Opening the conference, Pritchard gave an update on the global economy and travel industry landscape.
He pointed out that despite significantly weakened global expansion forecasts, improvements in the US, European and Chinese economies in the first quarter of 2019 and the Brexit delay suggested a better shape for the global economy.
Pritchard also noted that while the International Monetary Fund (IMF) might have cut the UK growth forecast to 1.2% this year, the economy had started off on a positive note.
Despite this, he said there were obvious operational challenges facing travel in 2019. These include overcapacity, increasing costs and issues facing the aviation sector, including drone disruption, as well as the ongoing problems regarding the Boeing 737 Max.
On the latter, Pritchard said: “There’s a role here for the whole travel industry to play to reinstate consumer confidence in travelling. There are 5,000 aircraft on order. If consumer confidence isn’t there, there are no replacements.
“Airlines would have to use older aircraft which are more expensive and can’t meet the same environmental efficiencies that the Boeing 737 Max can.”
Elsewhere, Pritchard highlighted spending on holidays continues to be the top priority for discretionary spending, with consumers preferring to cut down on drinking and eating out instead.
“I am optimistic,” Pritchard insisted. “I think we will see a strong booking pattern over the next few months as people want to go on their holidays – what I can’t say is if these will be domestic or overseas.”
Meanwhile, examining different travel sectors, Pritchard noted the growing trend for solo travel, with a 17% increase in the last five years.
The sector is especially popular among women, with 85.7% of solo travellers female. Pritchard said the growth of the sector had forced the industry to rethink their offering “and tailor it to the unique requirements of a lone traveller”.

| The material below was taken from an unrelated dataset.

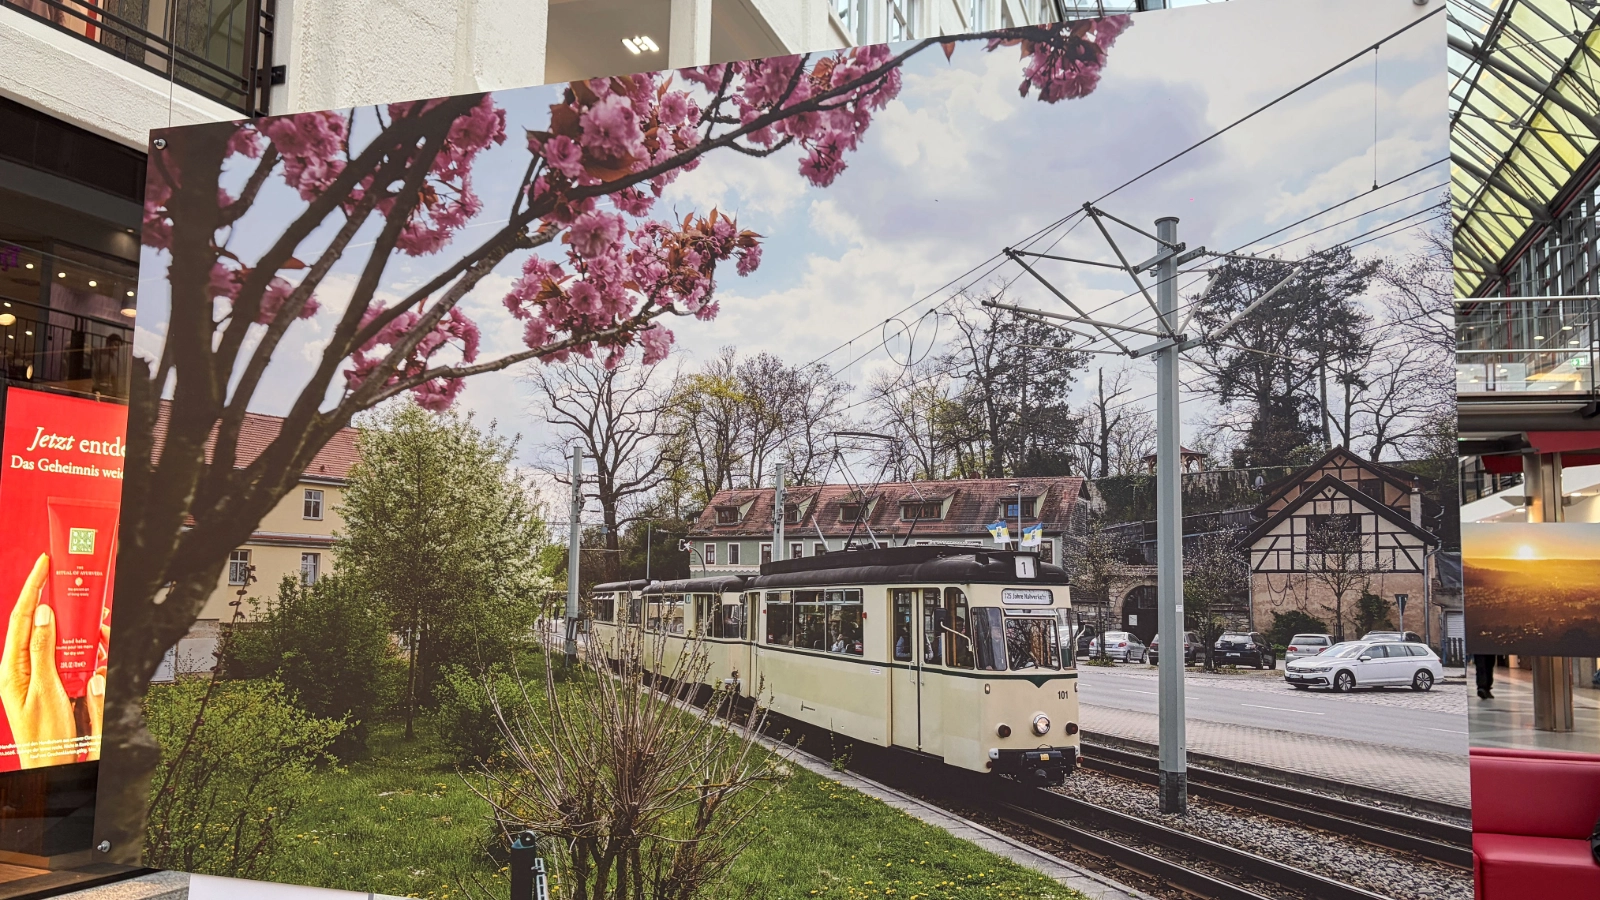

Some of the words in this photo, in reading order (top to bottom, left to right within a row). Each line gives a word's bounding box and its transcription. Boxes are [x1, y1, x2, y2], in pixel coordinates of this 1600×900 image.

He concluded his presentation noting “the return of the travel expert”. “They help navigate efficiently through the digital overload,” he said. “We’re all used to using our phones, but we also feel we’re overloaded with information.
“Successful travel businesses, whether they’re homeworkers, high street retail or call centres, all have one thing in common – they spend time with the consumer working out what they want from their holiday."